Top Country Albums is a chart that ranks the top-performing country music albums in the United States, published by Billboard. In 2020, 16 different albums topped the chart, based on multi-metric consumption, blending traditional album sales, track equivalent albums, and streaming equivalent albums.

In the issue of Billboard dated January 4, Burl Ives topped the chart with Rudolph the Red-Nosed Reindeer, the soundtrack album of the 1964 Rankin/Bass television special of the same name.

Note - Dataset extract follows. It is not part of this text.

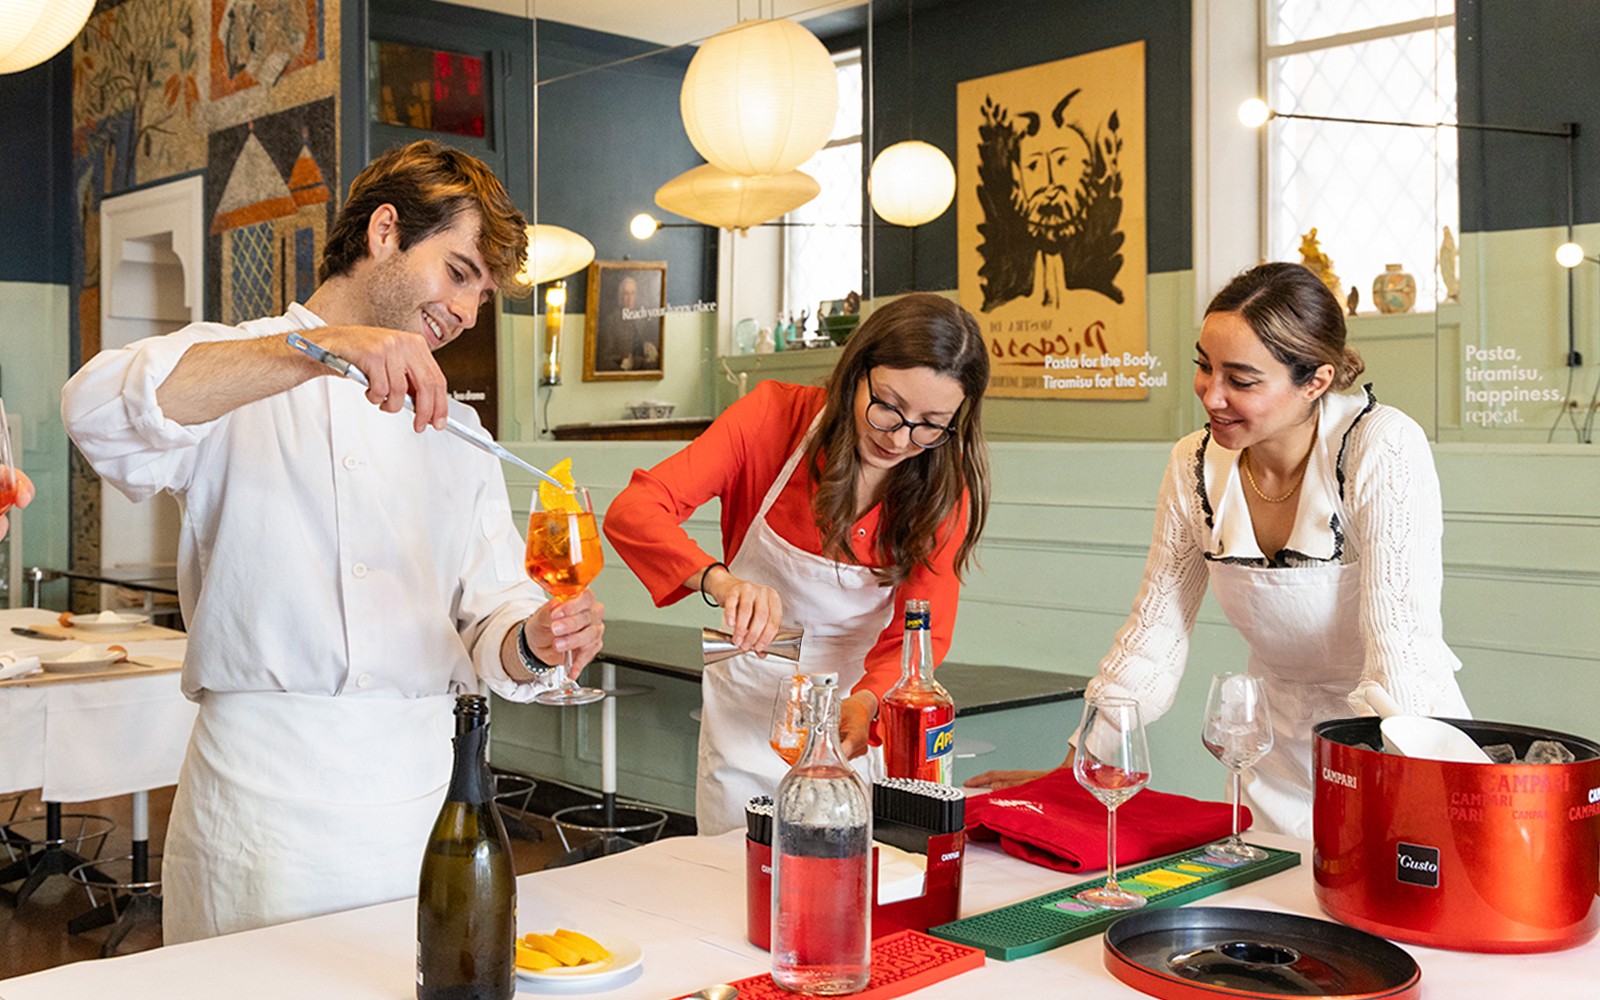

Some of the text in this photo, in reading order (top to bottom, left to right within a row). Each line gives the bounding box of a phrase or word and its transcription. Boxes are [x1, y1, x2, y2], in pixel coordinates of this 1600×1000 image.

It was the first number-one country album for Ives, a musician and Academy Award-winning actor who had died in 1995. It was the first of two posthumous chart-toppers in 2020; Kenny Rogers, who died on March 20, entered the chart at number one in the issue dated April 4 with The Best of Kenny Rogers: Through the Years. The compilation album was the first number-one country album for Rogers since 1986. Beginning with the January 11 issue, the number-one position was dominated in 2020 by Luke Combs, who spent 31 weeks in the top spot during the year with his album What You See Is What You Get; no other act spent more than four weeks at number one. Combs's album also topped the all-genre Billboard 200 albums chart in November following the release of a deluxe edition with additional tracks; in the first week after that release the album set a new streaming record for a country music album.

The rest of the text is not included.